Passion, réseau, talent... Qu'est-ce qui compte le plus pour percer dans la musique actuelle?

MUSIQUE La Red Bull Music Academy organise des « lectures » avec des stars de la musique électronique...

Benjamin Chapon
Laetitia Sadier en lecture à la Red Bull Music Academy de Paris
Laetitia Sadier en lecture à la Red Bull Music Academy de Paris — RBMA

La Red Bull Music Academy se tient actuellement à Paris. Les heureux académiciens, venus du monde entier, y profitent notamment des bons conseils de pontes de la musique électronique, lors de lectures. Nicolas Godin (Air), Craig Leon, Laetita Sadier (Stereolab), Laurent Garnier ou Cerrone sont déjà passés devant les jeunes musiciens. Mais également des figures de l’ombre comme Sheila E, batteuse de Prince qui a collaboré avec Lionel Ritchie, Gloria Estefan et Beyoncé. Ou Andrew Scheps, producteur et ingénieur du son pour Adele, Metallica, Jay-Z…

La semaine prochaine, c’est Chilly Gonzales qui s’y collera. Récemment, le musicien canadien nous expliquait sa vision de la pédagogie en musique et avoir « la chance de faire un métier où on ne finit jamais d’apprendre et où on apprend presque malgré soi, dans toutes les situations de la vie. » Malgré tout, lui a bien appris le piano puis le rap puis l’écriture pour orchestre et quatuor à cordes grâce à des cours plus ou moins classiques. « J’ai mis un an à comprendre comment fonctionne un quatuor à cordes avant de pouvoir commencer à composer mon dernier album. Parfois, on tombe sur de bons pédagogues et parfois c’est plus laborieux. Le cheminement aura un impact sur la musique mais ce sera toujours intéressant. »

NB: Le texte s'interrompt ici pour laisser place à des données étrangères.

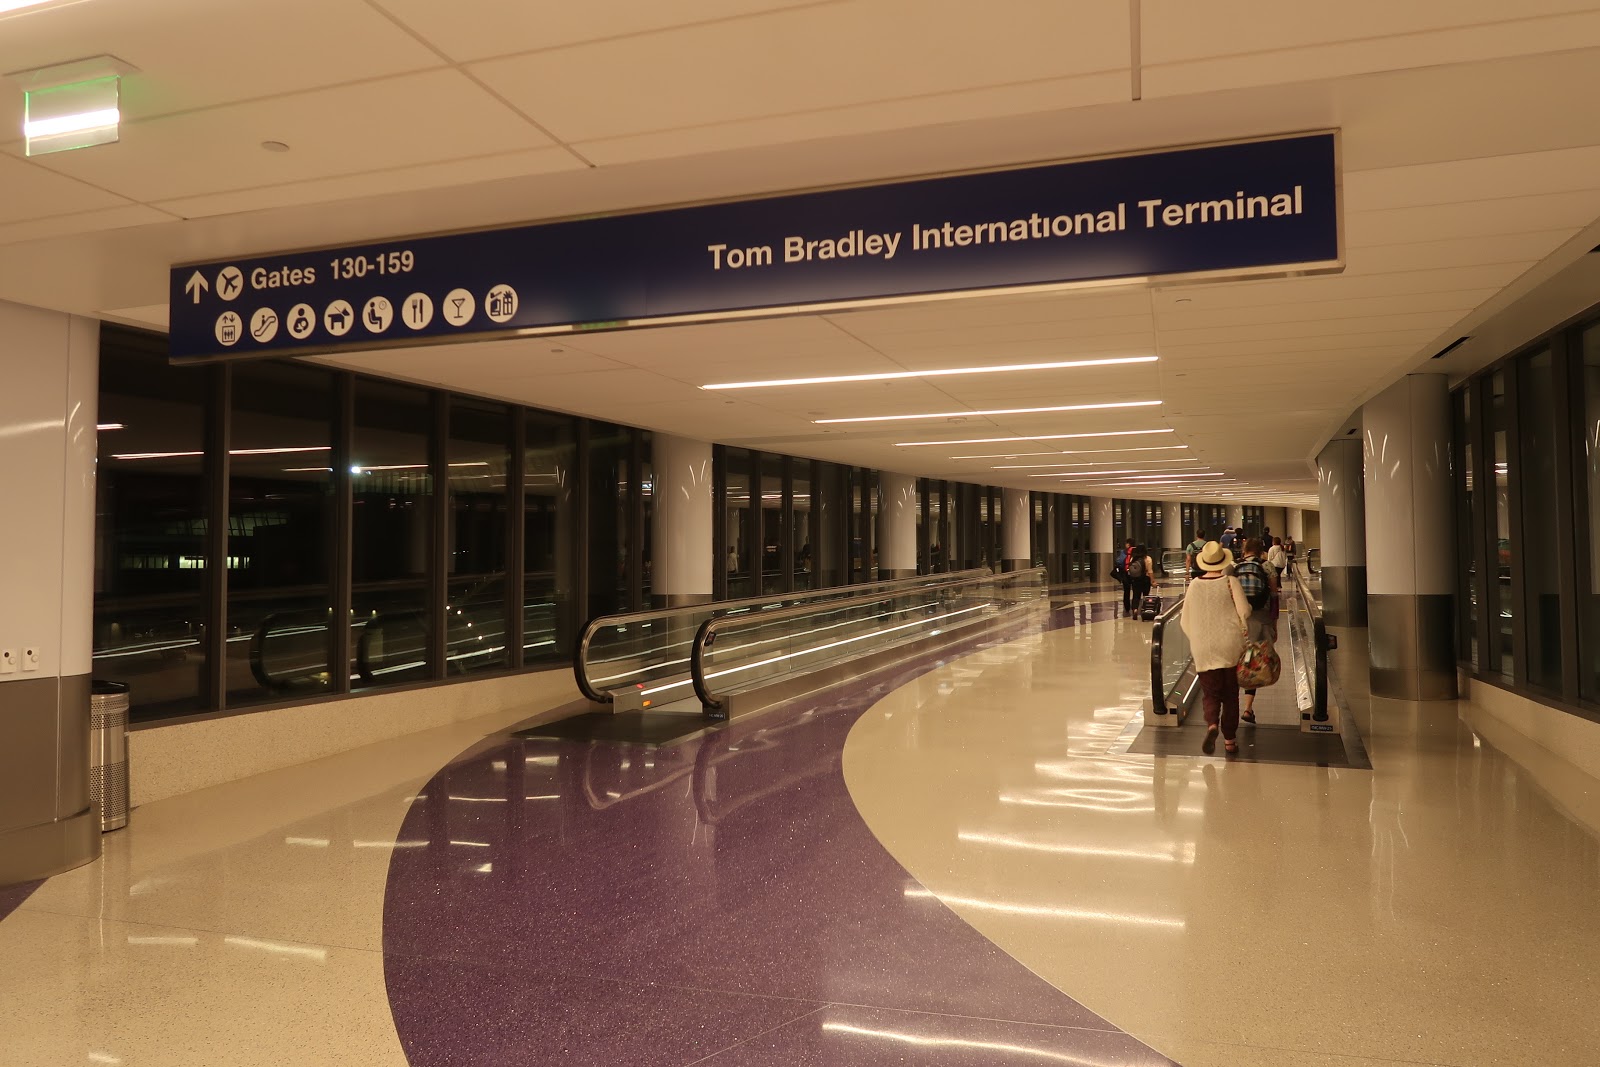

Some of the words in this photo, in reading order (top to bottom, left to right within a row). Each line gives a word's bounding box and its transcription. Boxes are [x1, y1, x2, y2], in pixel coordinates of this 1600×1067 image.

Cours d’éducation morale et civique

L’an dernier, la Red Bull Music Academy se déroulait à Tokyo. DJ Krush y avait donné un concert exceptionnel mais avait refusé de participer à une lecture, ne voyant pas ce qu’il pourrait apporter aux jeunes musiciens : « C’est presque trop facile pour eux, rigole DJ Krush. Moi, quand j’ai débuté, j’étais ouvrier sur les chantiers pour gagner ma vie. La musique électronique et le hip-hop n’existaient pas au Japon. Je n’ai aucun conseil à donner parce que je continue d’apprendre de la musique. Devenir musicien réclame d’avoir en soi quelque chose d’unique qui ne s’explique pas. »

Torsten Schmidt, cofondateur de la RBMA, croit le contraire. Il mène souvent lui-même les entretiens lors des lectures. « Ces entretiens permettent de découvrir les carrières d’artistes, leurs échecs et leurs succès, leur cheminement artistique et leurs influences, tout ça remis dans un contexte historique. Et ça enrichit évidemment la réflexion de jeunes artistes. Mais surtout, on met en avant des éthiques artistiques, c’est un pilier de la RBMA. » Le gourou de la RBMA justifie ainsi le mode de sélection à son académie pour laquelle plus de 6000 candidats se présentent chaque année : « Si vous avez énormément de talent, vous n’avez fait que la moitié du chemin avant d’être invité à la RBMA. Nous cherchons des artistes avec de grosses qualités humaines, des gens intelligents et ouverts. »

Esprit de corps

Lafawndah, ancienne élève de la RBMA promotion Tokyo, confirme que l’expérience « vaut au moins autant pour les relations humaines que pour le travail technique musical », alors même que Red Bull se vante de tisser un réseau international de musiciens exigeants et influents grâce à son académie itinérante.

Entre deux lectures, où leur présence est obligatoire « par respect pour les invités » explique Torsten Schmidt, les jeunes musiciens sont surtout invités à exercer leurs talents dans les salles et les nombreux studios professionnels mis à leur disposition pendant deux semaines. « Mais on ne leur apprend pas à faire de la musique, on les aide juste à comprendre qu’ils ont leur place dans le monde de la musique. »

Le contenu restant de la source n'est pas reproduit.